## Task brief
Could you please retype all of the records exactly, skipping any pictures?

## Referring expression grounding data
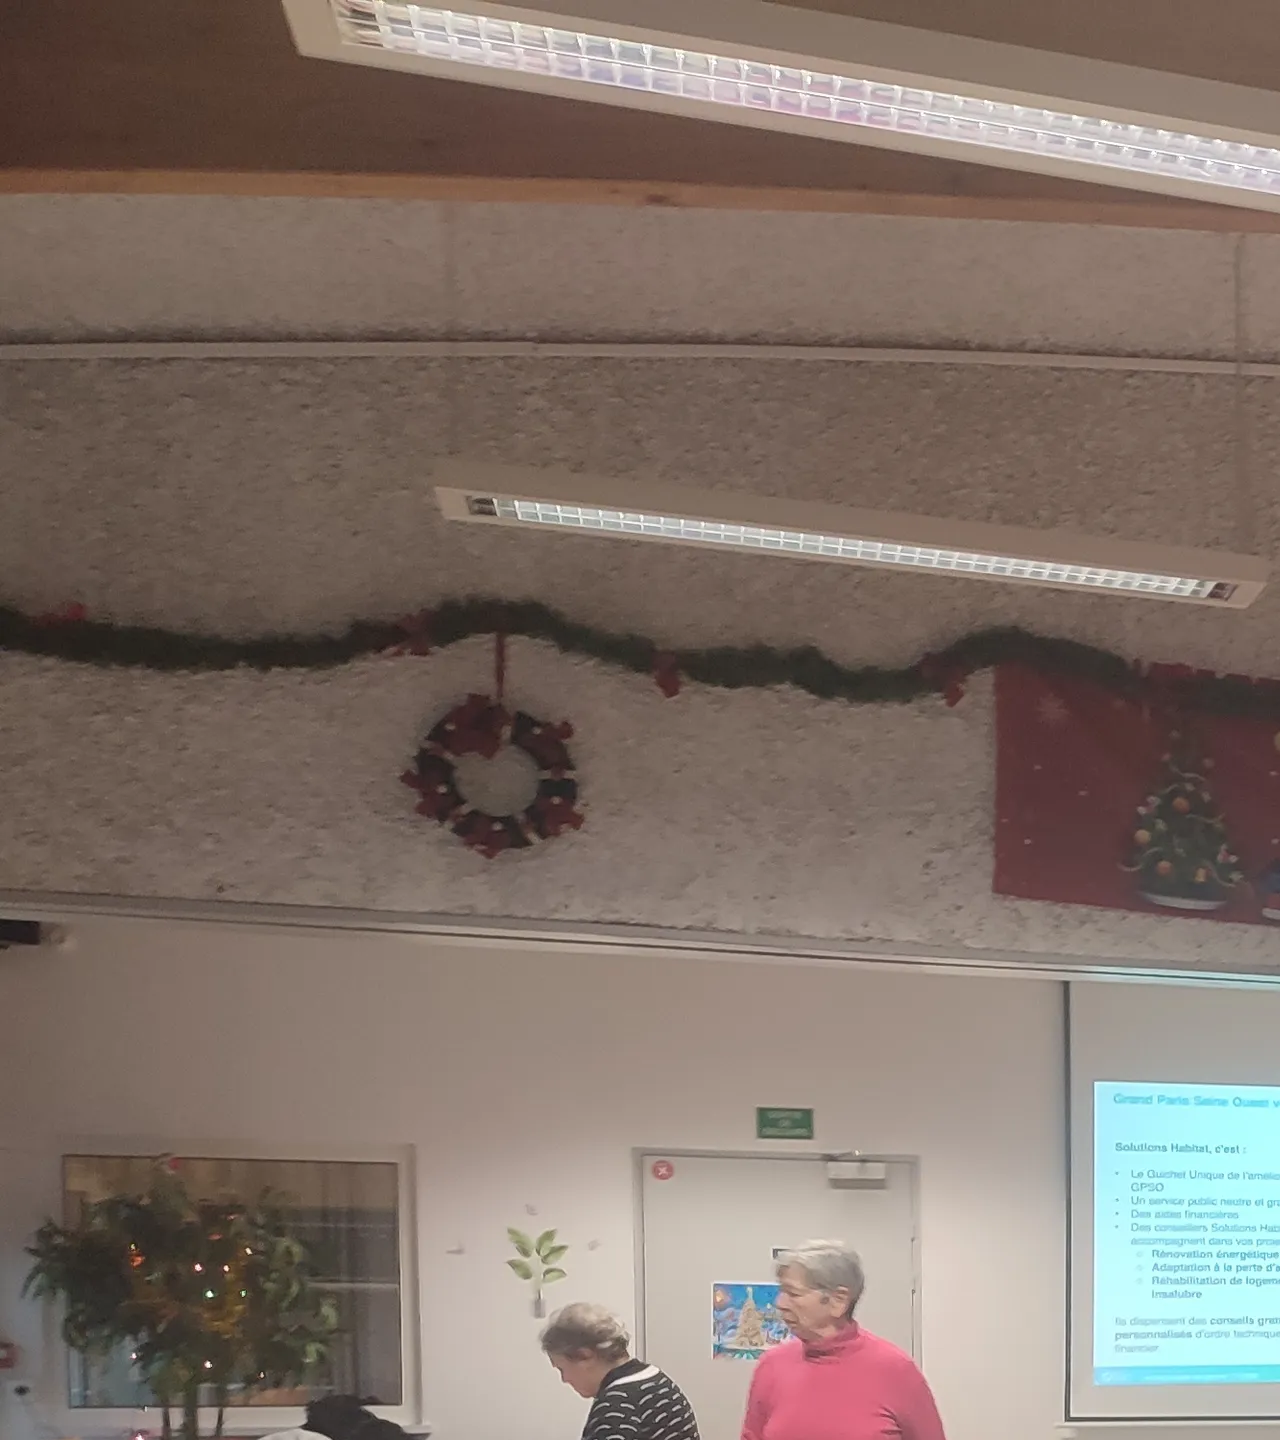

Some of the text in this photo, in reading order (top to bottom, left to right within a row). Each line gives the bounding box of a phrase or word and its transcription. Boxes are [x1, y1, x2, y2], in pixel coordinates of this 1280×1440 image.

[1115, 1142, 1167, 1152] Solutions
[1215, 1144, 1240, 1154] c'est
[1130, 1169, 1144, 1179] Le
[1147, 1169, 1187, 1179] Guichet
[1189, 1169, 1225, 1181] Unique
[1227, 1171, 1240, 1180] de
[1130, 1182, 1164, 1192] GPSO
[1130, 1195, 1146, 1205] Un
[1148, 1197, 1185, 1206] service
[1187, 1197, 1217, 1207] public
[1220, 1197, 1252, 1206] neutre
[1254, 1197, 1264, 1206] et
[1130, 1209, 1151, 1219] Des
[1152, 1249, 1280, 1261] Rénovation énergétique
[1152, 1262, 1211, 1273] Adaptation
[1213, 1262, 1220, 1272] à
[1223, 1263, 1233, 1272] la
[1235, 1263, 1263, 1273] perte
[1152, 1275, 1227, 1285] Réhabilitation
[1229, 1276, 1243, 1285] de
[1209, 1315, 1255, 1325] conseils

## Solved exercise
Some of the text in this photo, in reading order (top to bottom, left to right within a row). Each line gives the bounding box of a phrase or word and its transcription. Boxes are [x1, y1, x2, y2], in pixel coordinates of this 1280×1440 image.

[1115, 1142, 1167, 1152] Solutions
[1215, 1144, 1240, 1154] c'est
[1130, 1169, 1144, 1179] Le
[1147, 1169, 1187, 1179] Guichet
[1189, 1169, 1225, 1181] Unique
[1227, 1171, 1240, 1180] de
[1130, 1182, 1164, 1192] GPSO
[1130, 1195, 1146, 1205] Un
[1148, 1197, 1185, 1206] service
[1187, 1197, 1217, 1207] public
[1220, 1197, 1252, 1206] neutre
[1254, 1197, 1264, 1206] et
[1130, 1209, 1151, 1219] Des
[1152, 1249, 1280, 1261] Rénovation énergétique
[1152, 1262, 1211, 1273] Adaptation
[1213, 1262, 1220, 1272] à
[1223, 1263, 1233, 1272] la
[1235, 1263, 1263, 1273] perte
[1152, 1275, 1227, 1285] Réhabilitation
[1229, 1276, 1243, 1285] de
[1209, 1315, 1255, 1325] conseils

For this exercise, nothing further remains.